On pourrait croire que votre système est le bon puisqu’il gagne!

Comme je peux gagner une Coupe du monde. Cela reste du sport. Les choses peuvent se passer très vite dans les deux sens. Il faut rester calme et se demander pourquoi ça a fonctionné. Et derrière, remettre en place, ajuster ces schémas. Mais forcément, ça donne de l’appétit pour la suite. Un de mes entraîneurs dit que c’est un jeu sans fin. Si j’arrête de travailler, ceux qui sont derrière vont vouloir aller devant et ils vont progresser. Si j’arrête de travailler, ça ne fonctionnera pas. Il faut continuer à chercher. A l’instant T, je n’ai pas encore réfléchi aux améliorations. Cela fonctionne plutôt bien.  

Vous êtes très dur avec vous. Vous vous criez dessus quand ça ne marche pas, parfois des insultes. Faut-il aller loin dans la douleur pour ce résultat?

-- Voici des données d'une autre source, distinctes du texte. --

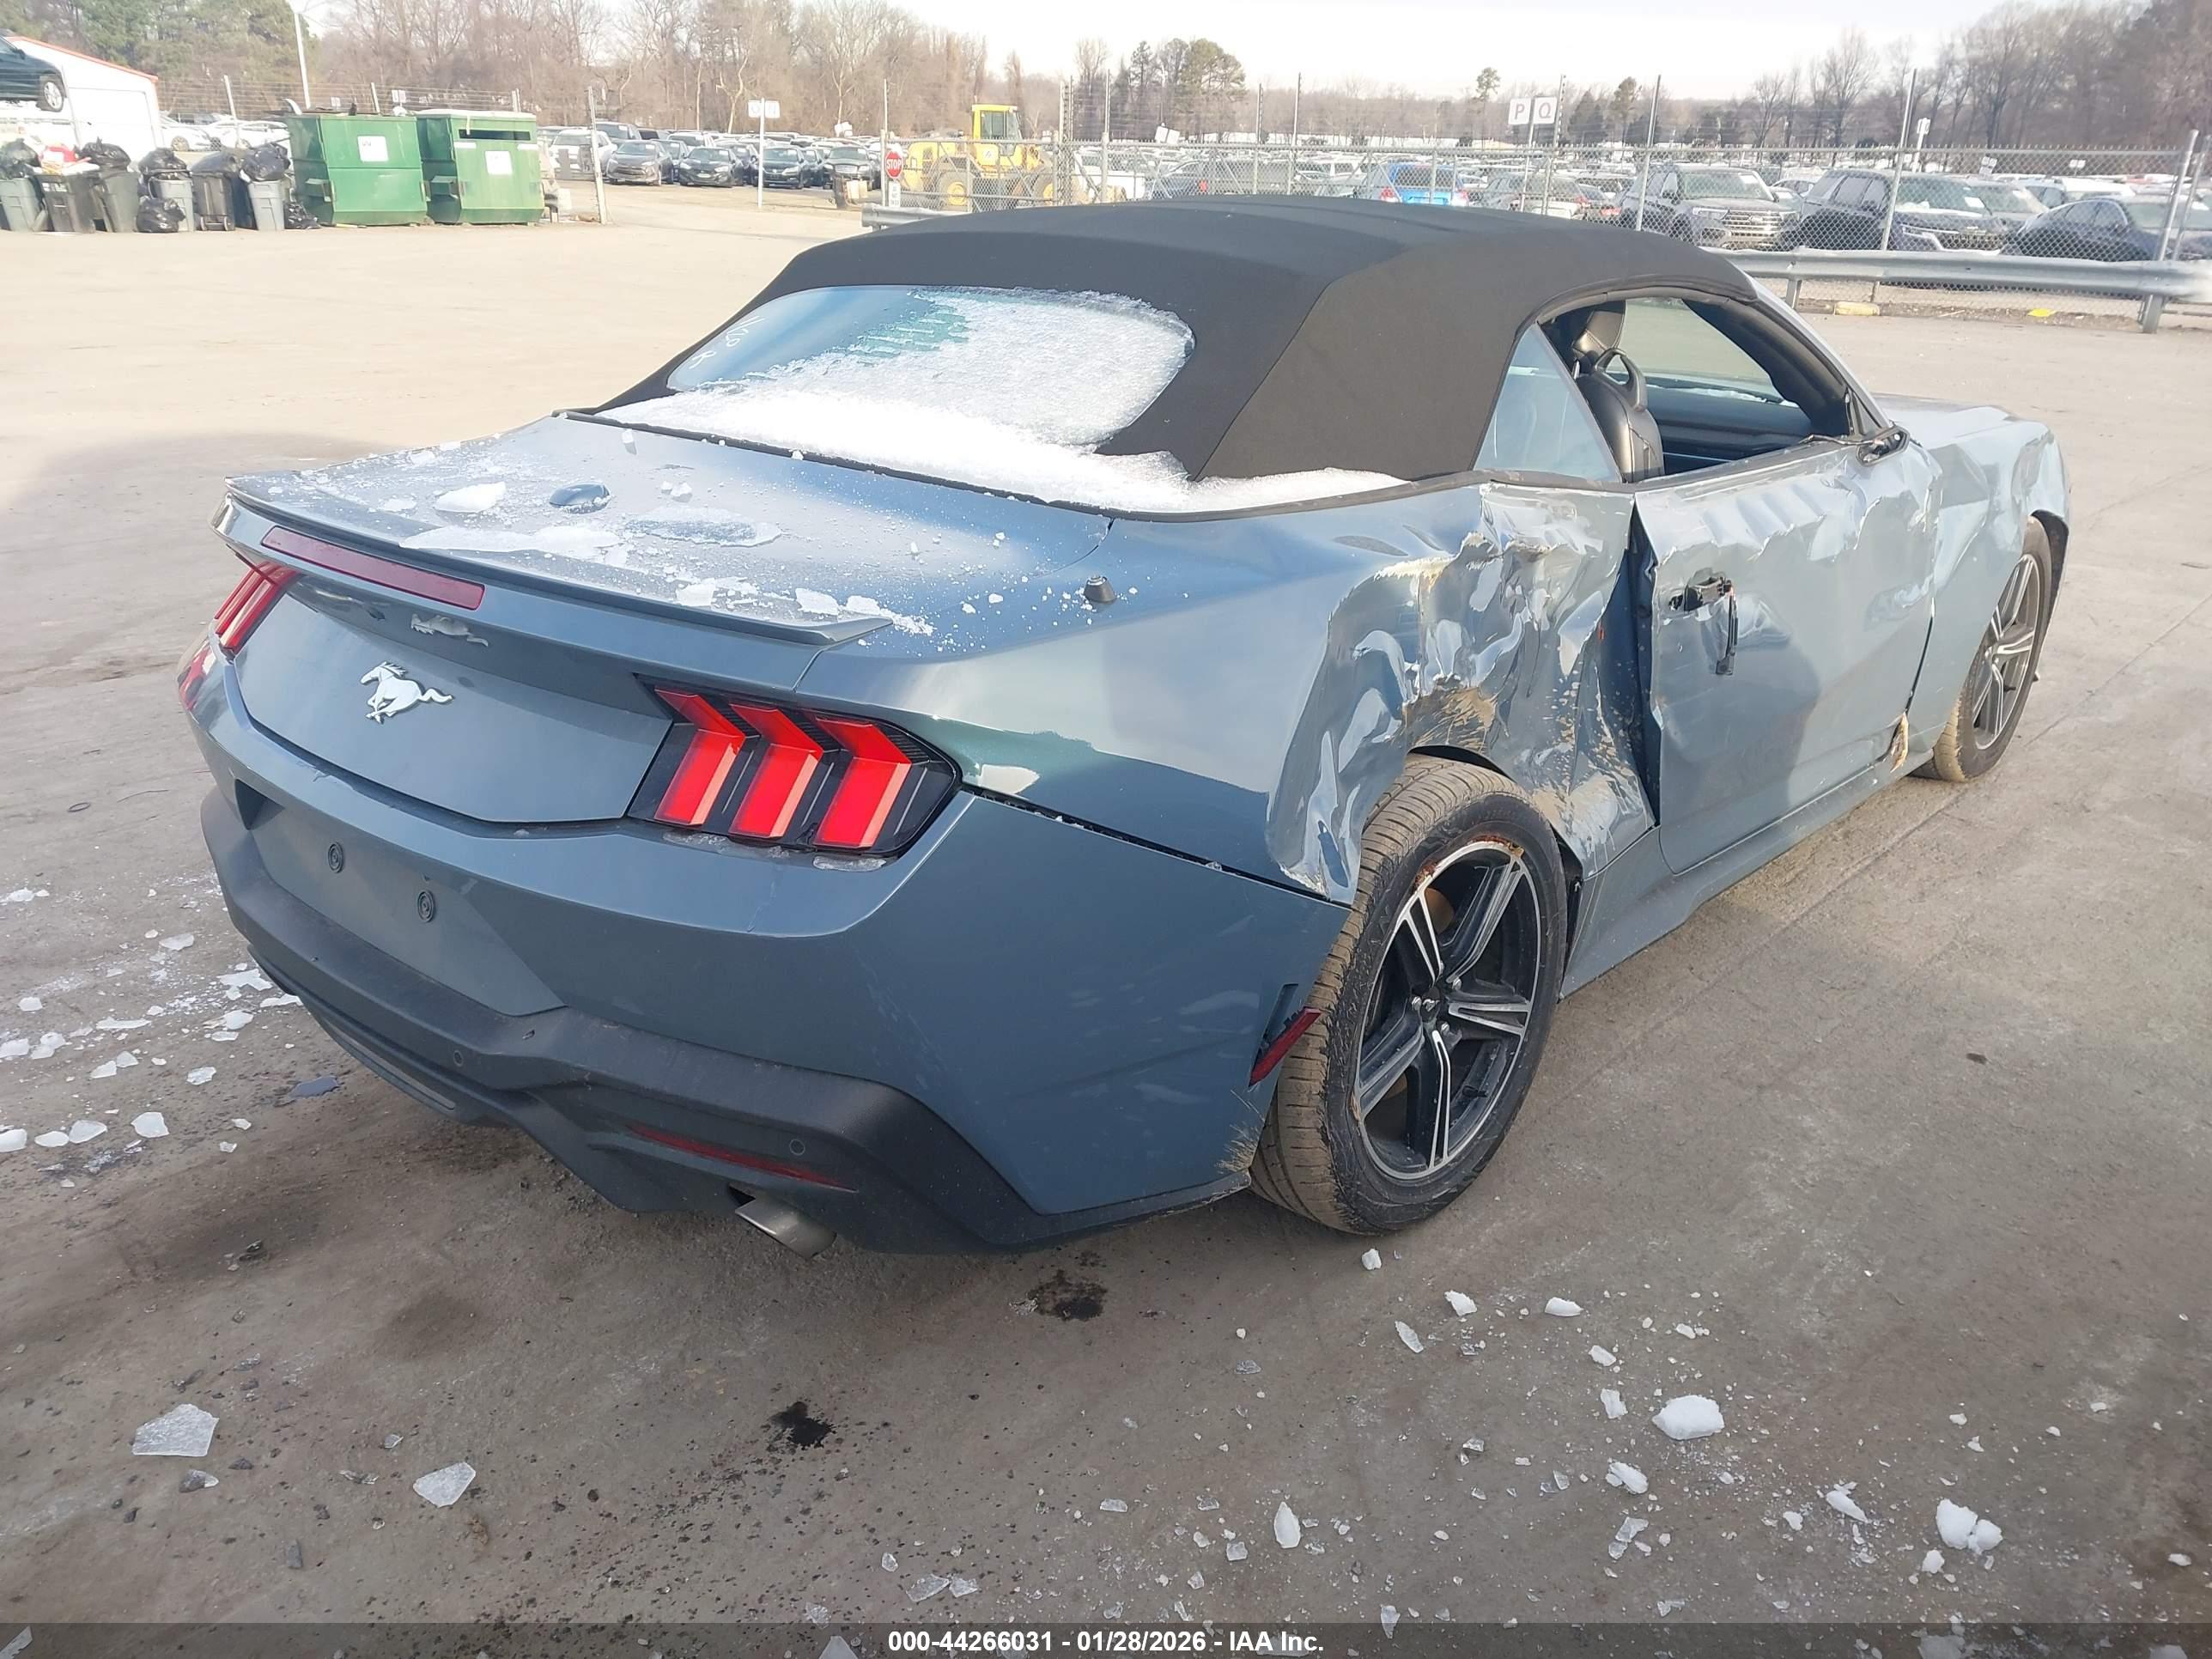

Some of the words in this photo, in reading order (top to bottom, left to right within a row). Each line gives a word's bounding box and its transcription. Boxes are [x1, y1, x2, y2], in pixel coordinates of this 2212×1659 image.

Ce sont des douleurs relatives. Il y a des gens qui souffrent beaucoup plus que nous. Il y a des séances où on se fait très mal et on sait pourquoi on le fait. La veille, on a peur d’aller à ces séances car on sait qu’il va falloir se faire très mal pour évoluer. Mais ce sont des douleurs saines. On sait pourquoi on fait ça. On a des objectifs. C’est la même chose mentalement, il y a de la déception, parfois on a le cœur brisé après une course. Mais il faut remonter à cheval, prendre le temps de digérer et ne pas oublier que l’on fait ce sport par amour.